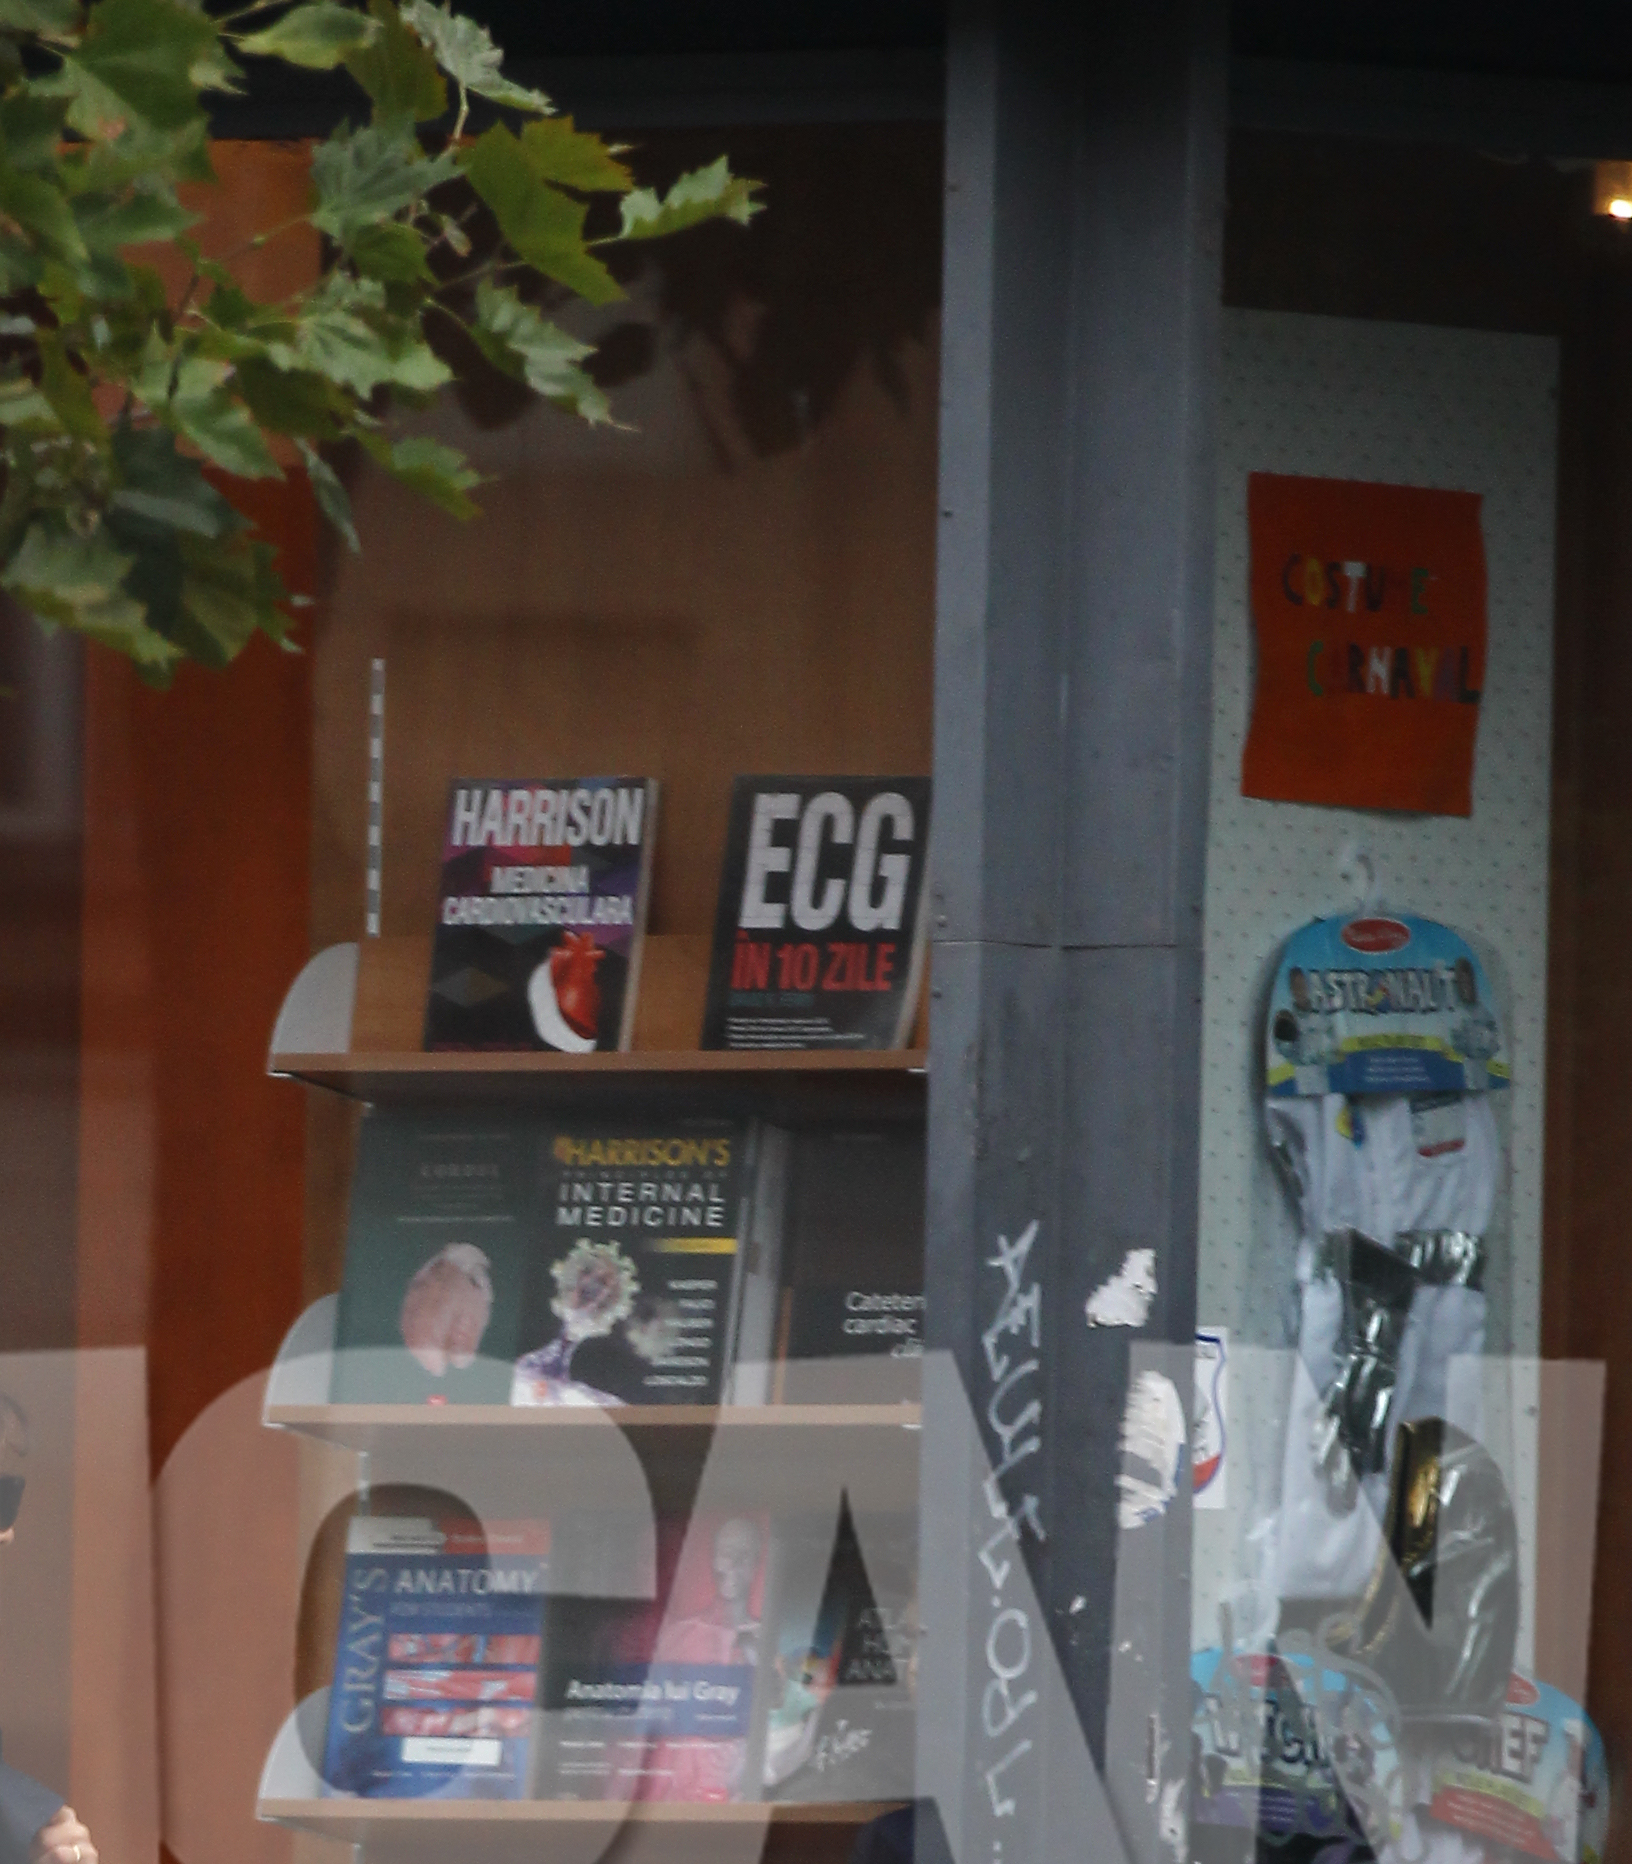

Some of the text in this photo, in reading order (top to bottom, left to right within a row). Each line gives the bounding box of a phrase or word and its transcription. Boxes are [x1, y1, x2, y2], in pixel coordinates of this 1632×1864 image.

[1282, 553, 1429, 616] COSTUE
[451, 788, 644, 847] HARRISON
[737, 791, 916, 933] ECG
[777, 942, 819, 992] 10
[821, 942, 897, 993] ZILE
[560, 1181, 726, 1203] INTERNAL
[556, 1205, 725, 1228] MEDICINE
[393, 1568, 538, 1595] ANATOMY
[565, 1680, 661, 1700] Anatomia
[692, 1680, 742, 1706] Gray
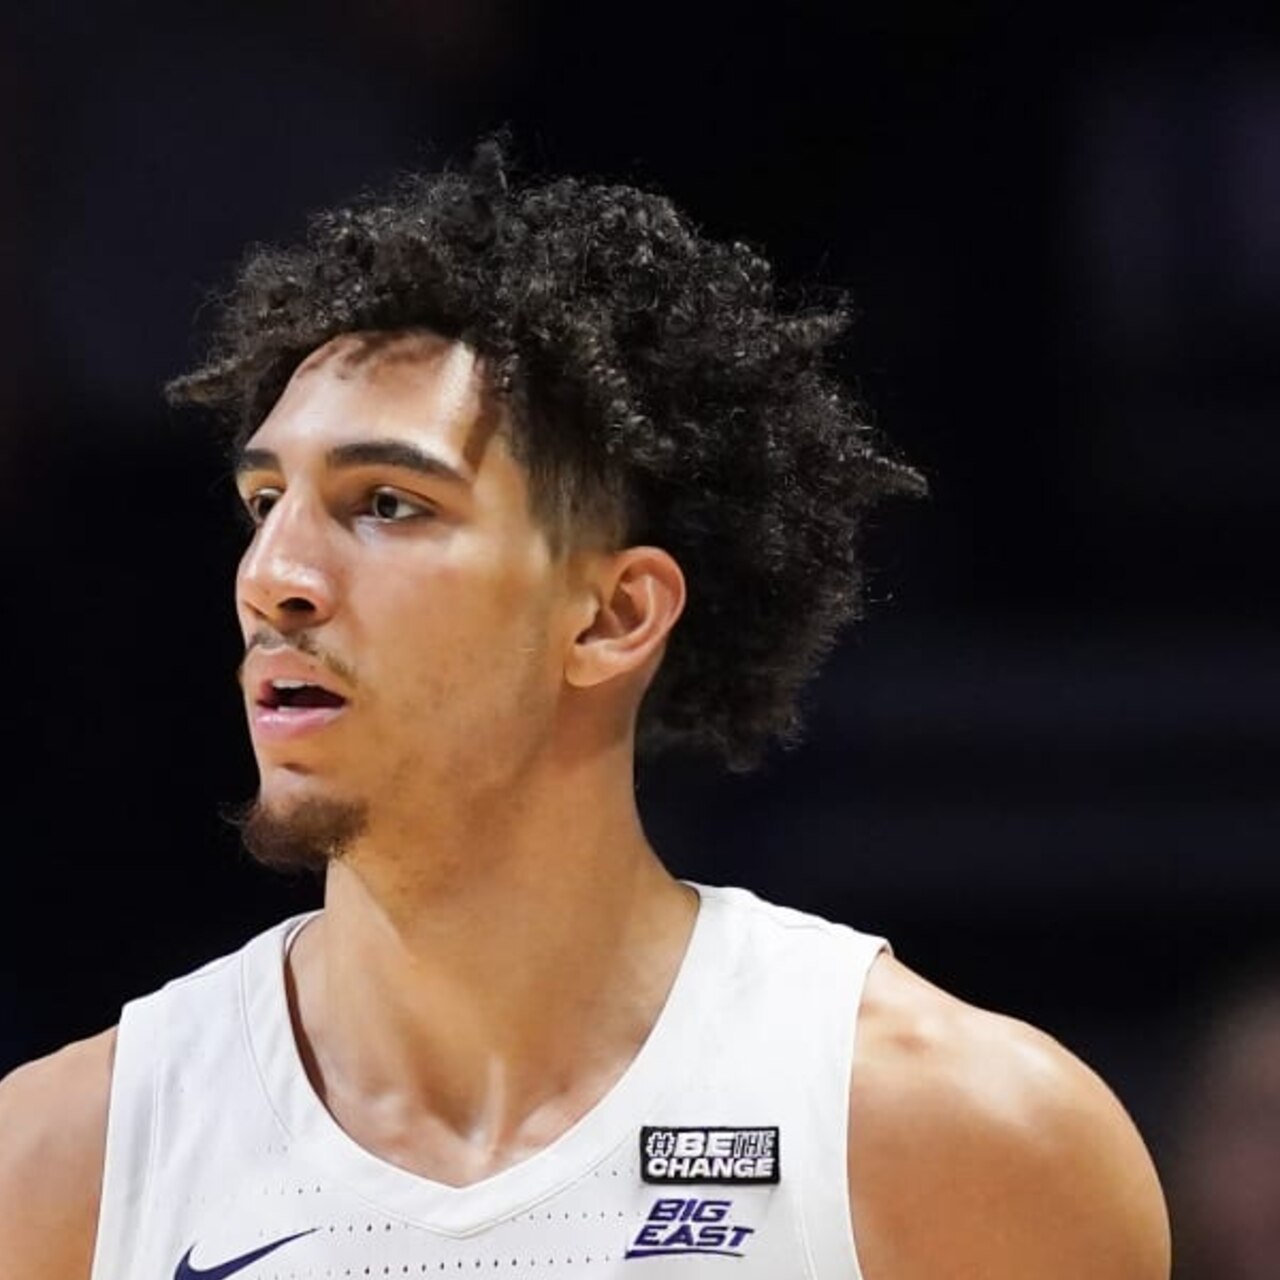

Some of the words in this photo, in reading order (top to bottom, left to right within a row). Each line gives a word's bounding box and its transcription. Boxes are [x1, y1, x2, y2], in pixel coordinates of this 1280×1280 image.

[646, 1158, 775, 1178] CHANGE
[647, 1199, 732, 1222] BIG
[634, 1224, 755, 1247] EAST
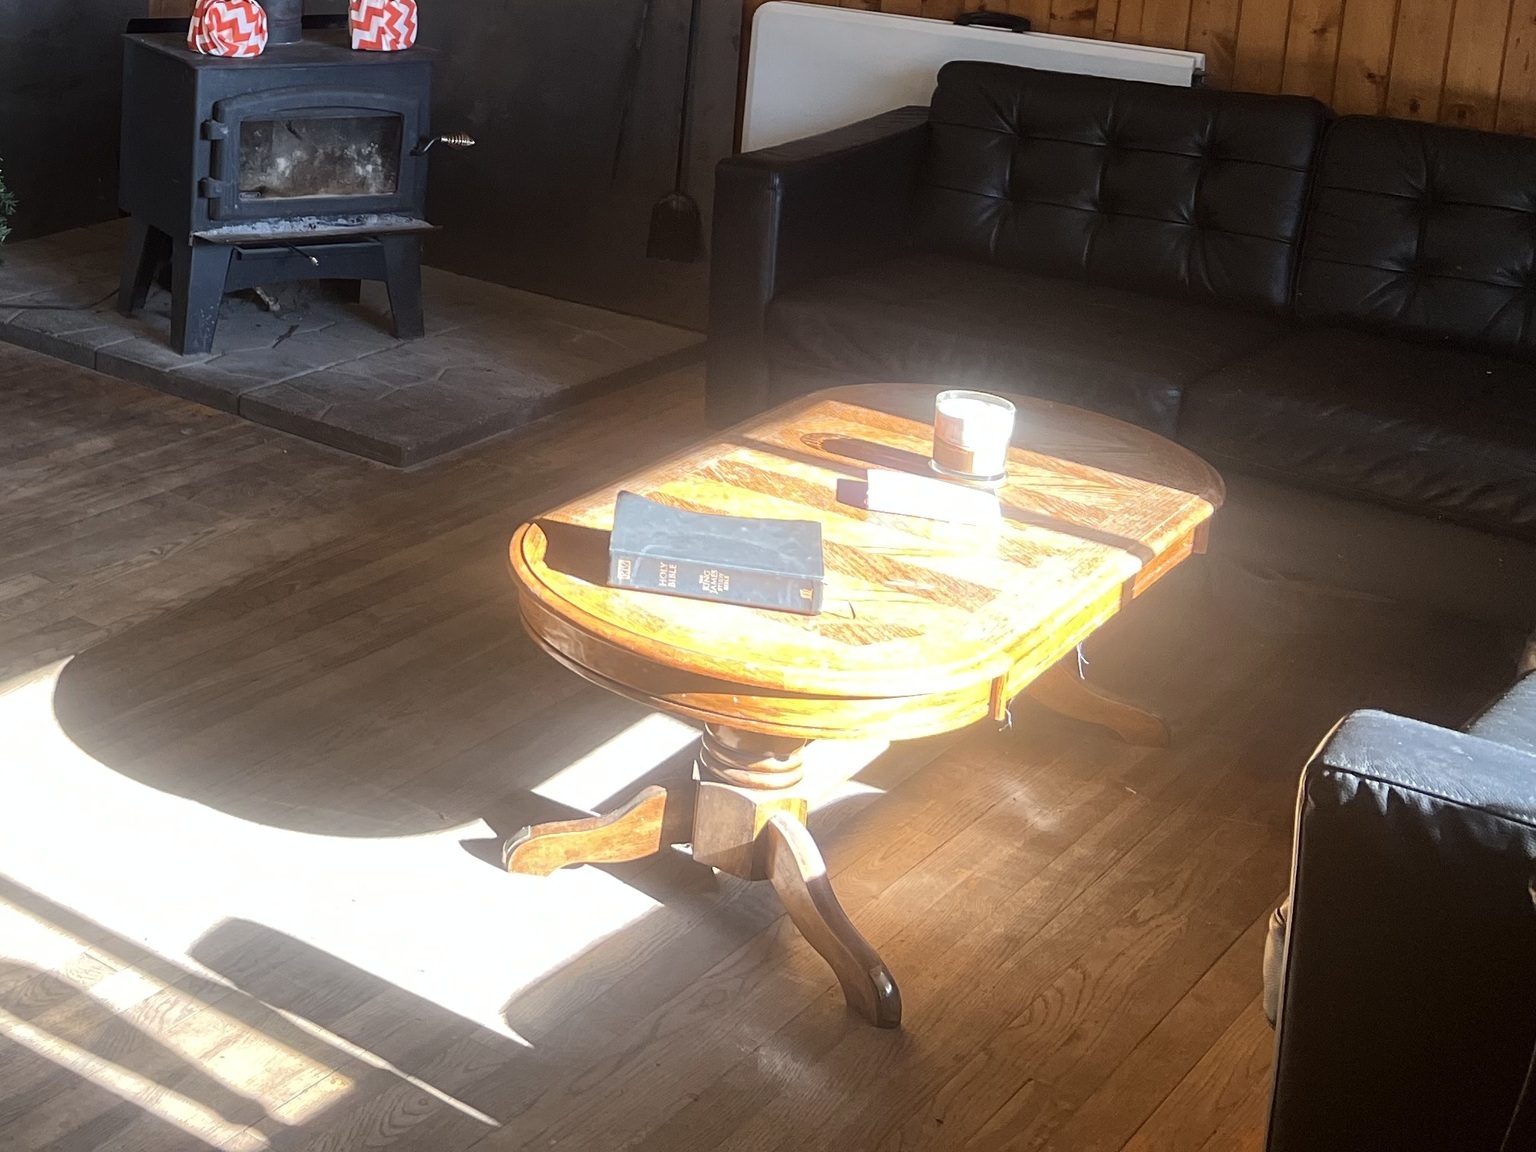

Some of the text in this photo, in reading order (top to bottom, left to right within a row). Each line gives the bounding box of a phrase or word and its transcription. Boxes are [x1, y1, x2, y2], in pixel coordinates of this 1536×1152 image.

● ACTION ITEM: The records above are to be restated word for word, with every picture left out.

● REPLY TO THE EXERCISE:
Some of the text in this photo, in reading order (top to bottom, left to right within a row). Each line gives the bounding box of a phrase or word and its transcription. Boxes are [x1, y1, x2, y2], in pixel coordinates of this 1632×1864 image.

[1282, 553, 1429, 616] COSTUE
[451, 788, 644, 847] HARRISON
[737, 791, 916, 933] ECG
[777, 942, 819, 992] 10
[821, 942, 897, 993] ZILE
[560, 1181, 726, 1203] INTERNAL
[556, 1205, 725, 1228] MEDICINE
[393, 1568, 538, 1595] ANATOMY
[565, 1680, 661, 1700] Anatomia
[692, 1680, 742, 1706] Gray

Some of the words in this photo, in reading order (top to bottom, left to right within a row). Each line gives a word's bounding box and its transcription. Boxes are [x1, y1, x2, y2], in pixel coordinates of this 1280×1280 image.

[646, 1158, 775, 1178] CHANGE
[647, 1199, 732, 1222] BIG
[634, 1224, 755, 1247] EAST

Some of the text in this photo, in reading order (top to bottom, left to right within a row). Each line gives the bounding box of a phrase or word and its transcription. Boxes are [x1, y1, x2, y2], in pixel coordinates of this 1536×1152 image.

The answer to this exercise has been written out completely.